(Dataset records)
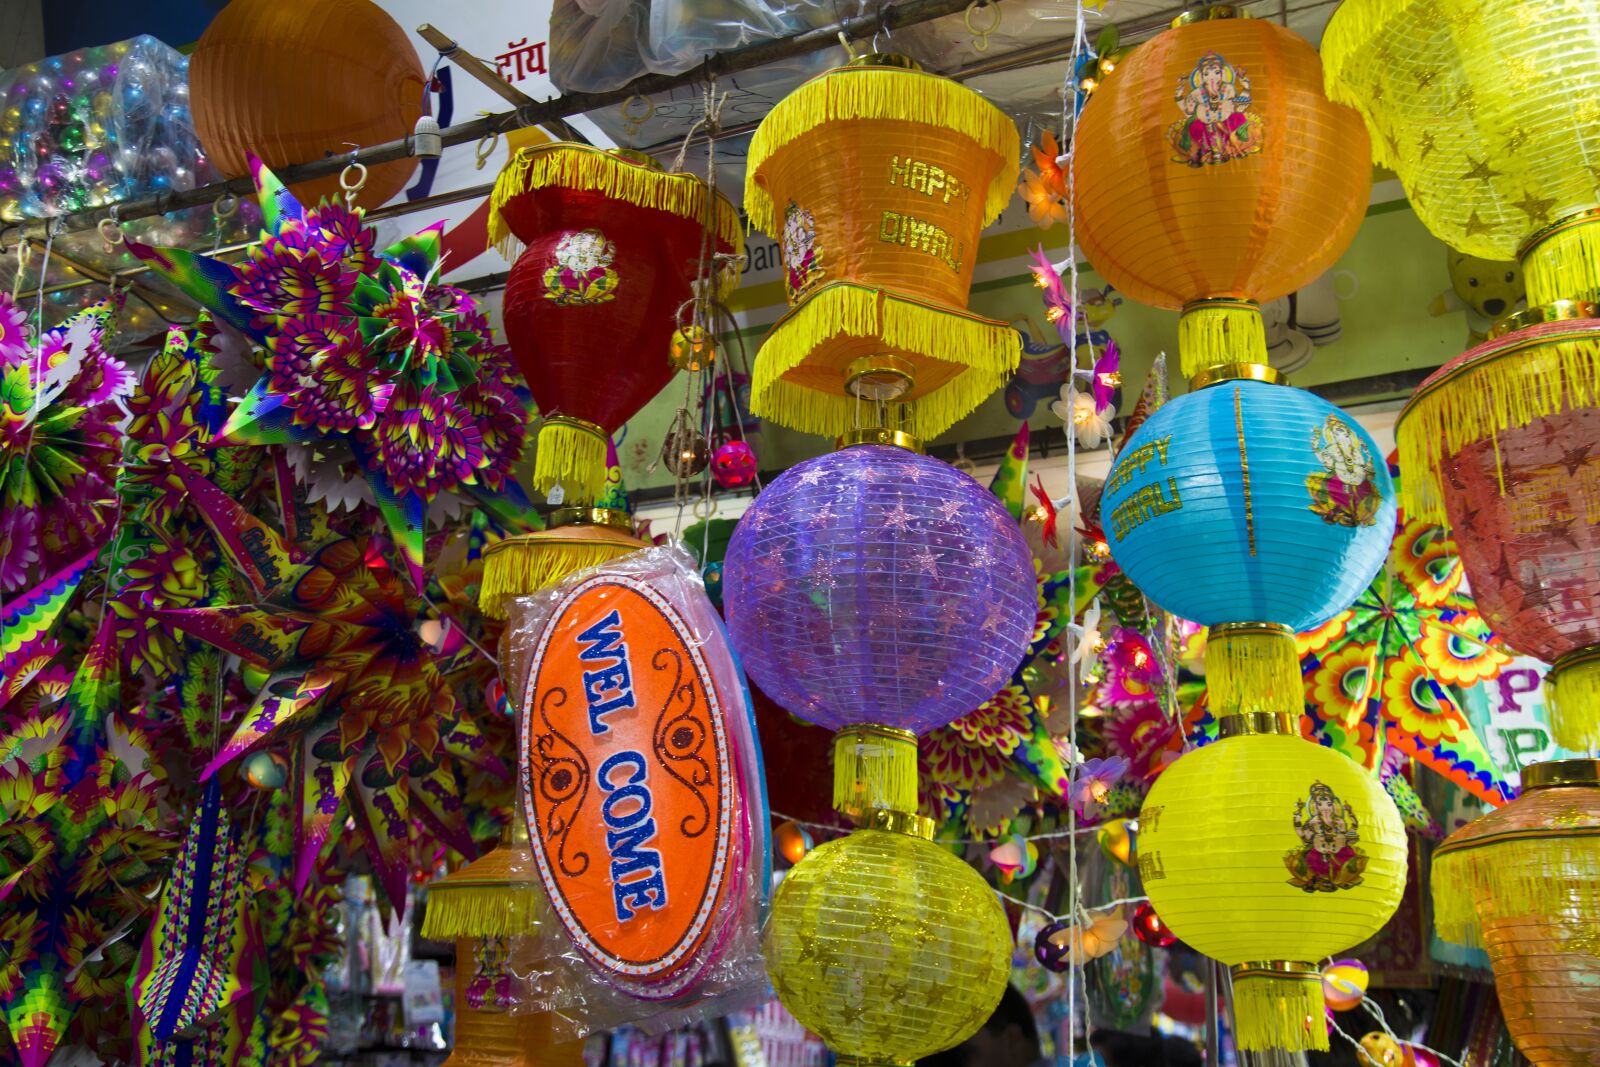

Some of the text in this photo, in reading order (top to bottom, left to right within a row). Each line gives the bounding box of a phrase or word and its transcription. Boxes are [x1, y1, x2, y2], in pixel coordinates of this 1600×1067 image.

[888, 153, 971, 215] HAPPY
[880, 210, 963, 273] DIWALI
[1106, 433, 1173, 500] HAPPY
[1111, 476, 1183, 543] DIWALI
[575, 609, 669, 923] WEL COME
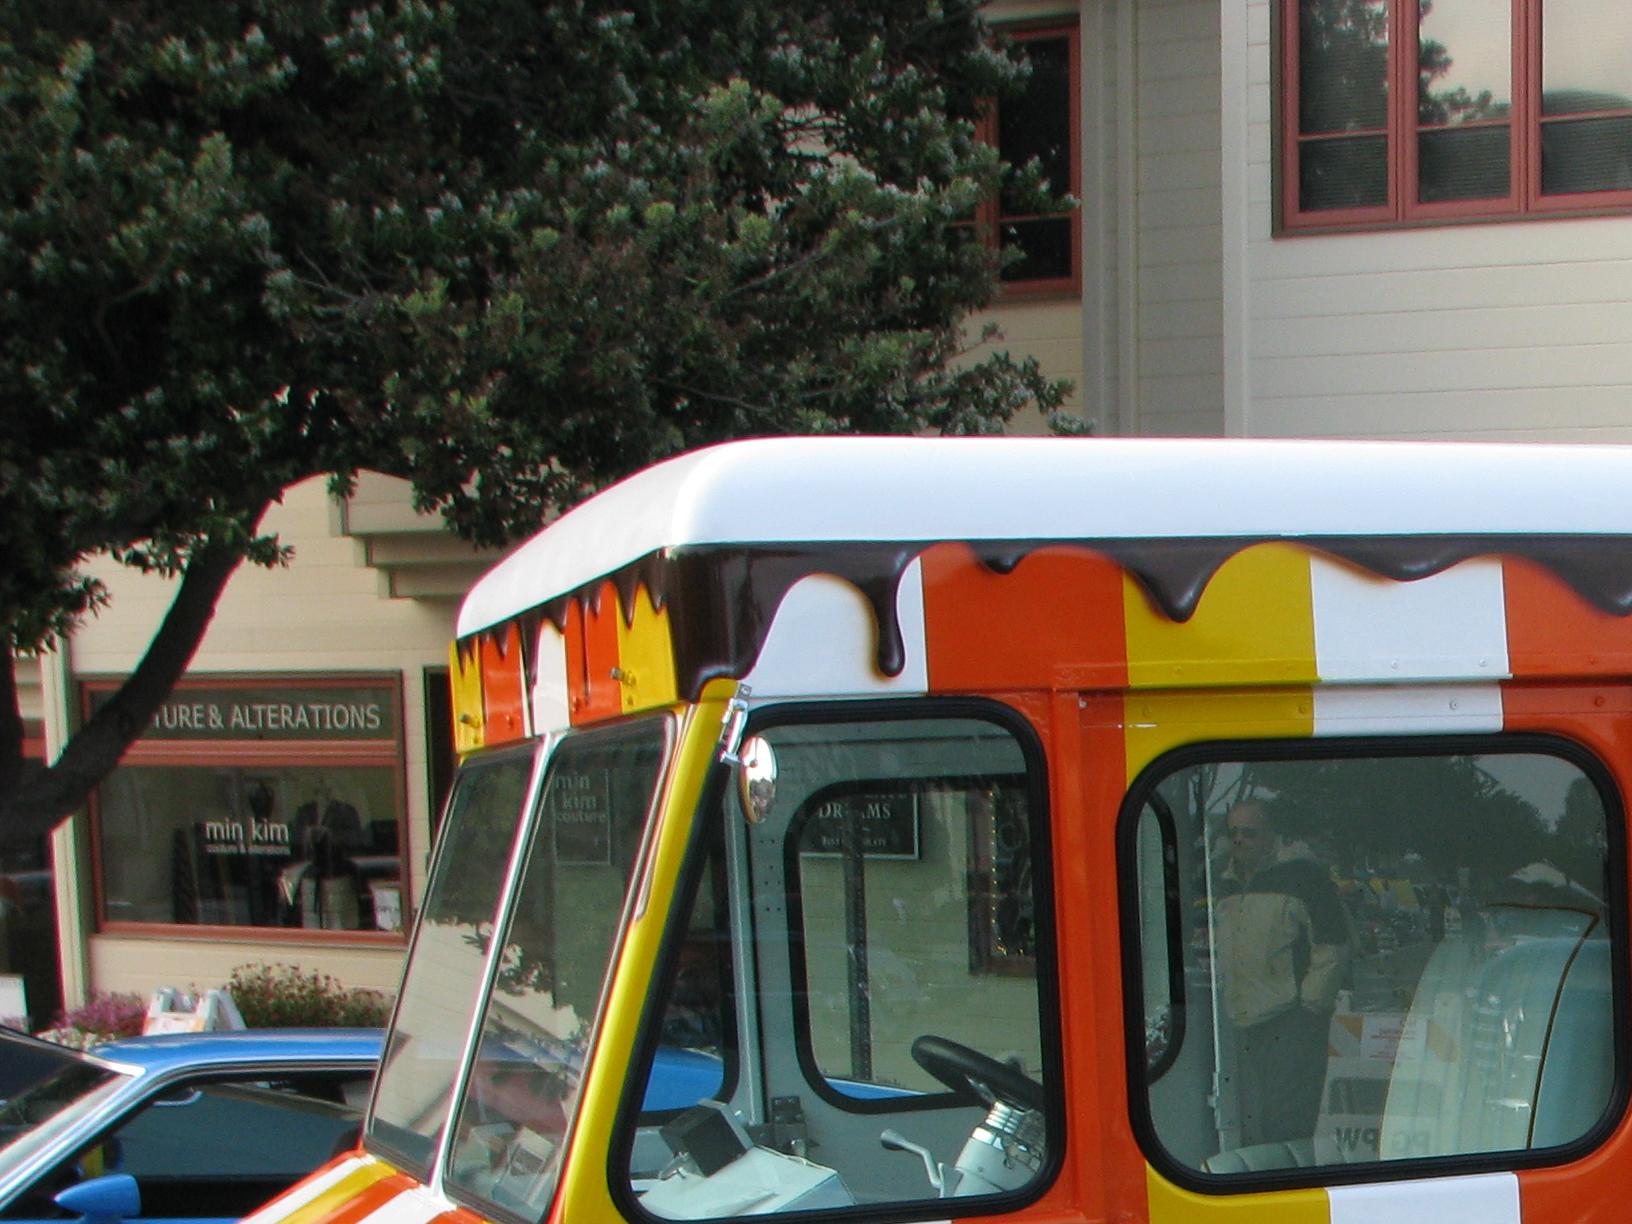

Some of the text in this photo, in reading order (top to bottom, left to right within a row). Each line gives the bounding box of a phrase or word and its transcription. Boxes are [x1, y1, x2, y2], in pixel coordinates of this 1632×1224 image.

[206, 704, 225, 729] &
[230, 704, 382, 729] ALTERATIONS
[818, 801, 892, 819] DRMS
[205, 817, 289, 842] min kim
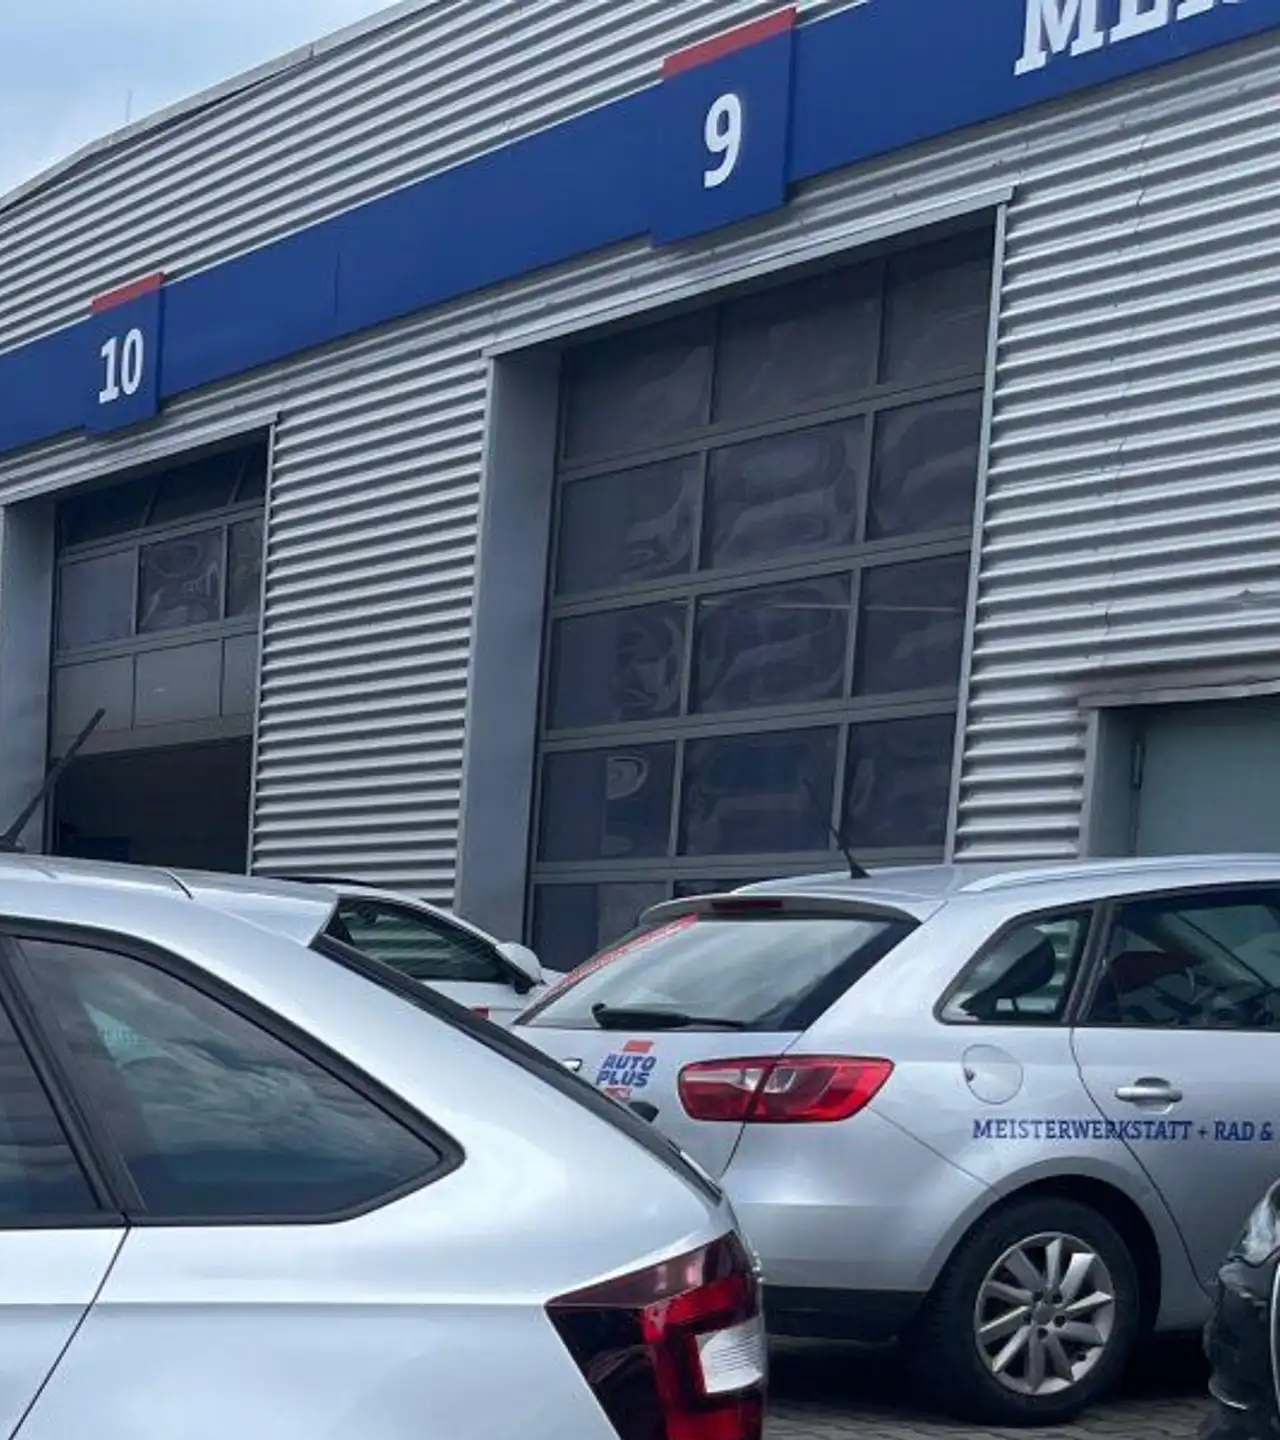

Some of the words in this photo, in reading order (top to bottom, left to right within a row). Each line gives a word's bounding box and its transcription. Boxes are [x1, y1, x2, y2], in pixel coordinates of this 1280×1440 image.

[704, 93, 742, 188] 9
[99, 328, 144, 404] 10
[601, 1053, 657, 1072] AUTO
[596, 1069, 650, 1088] PLUS
[972, 1118, 1192, 1141] MEISTERWERKSTATT
[1213, 1120, 1255, 1142] RAD
[1260, 1121, 1274, 1142] &

- DIRECTIONS FOR THIS TASK -
When you give the entries again, keep them exact and omit any picture they contain.

- EXERCISE SOLUTION -
Some of the text in this photo, in reading order (top to bottom, left to right within a row). Each line gives the bounding box of a phrase or word and its transcription. Boxes are [x1, y1, x2, y2], in pixel coordinates of this 1600×1067 image.

[888, 153, 971, 215] HAPPY
[880, 210, 963, 273] DIWALI
[1106, 433, 1173, 500] HAPPY
[1111, 476, 1183, 543] DIWALI
[575, 609, 669, 923] WEL COME

Some of the text in this photo, in reading order (top to bottom, left to right within a row). Each line gives the bounding box of a phrase or word and its transcription. Boxes are [x1, y1, x2, y2], in pixel coordinates of this 1632×1224 image.

[206, 704, 225, 729] &
[230, 704, 382, 729] ALTERATIONS
[818, 801, 892, 819] DRMS
[205, 817, 289, 842] min kim

Some of the words in this photo, in reading order (top to bottom, left to right within a row). Each line gives a word's bounding box and its transcription. Boxes are [x1, y1, x2, y2], in pixel coordinates of this 1280×1440 image.

[704, 93, 742, 188] 9
[99, 328, 144, 404] 10
[601, 1053, 657, 1072] AUTO
[596, 1069, 650, 1088] PLUS
[972, 1118, 1192, 1141] MEISTERWERKSTATT
[1213, 1120, 1255, 1142] RAD
[1260, 1121, 1274, 1142] &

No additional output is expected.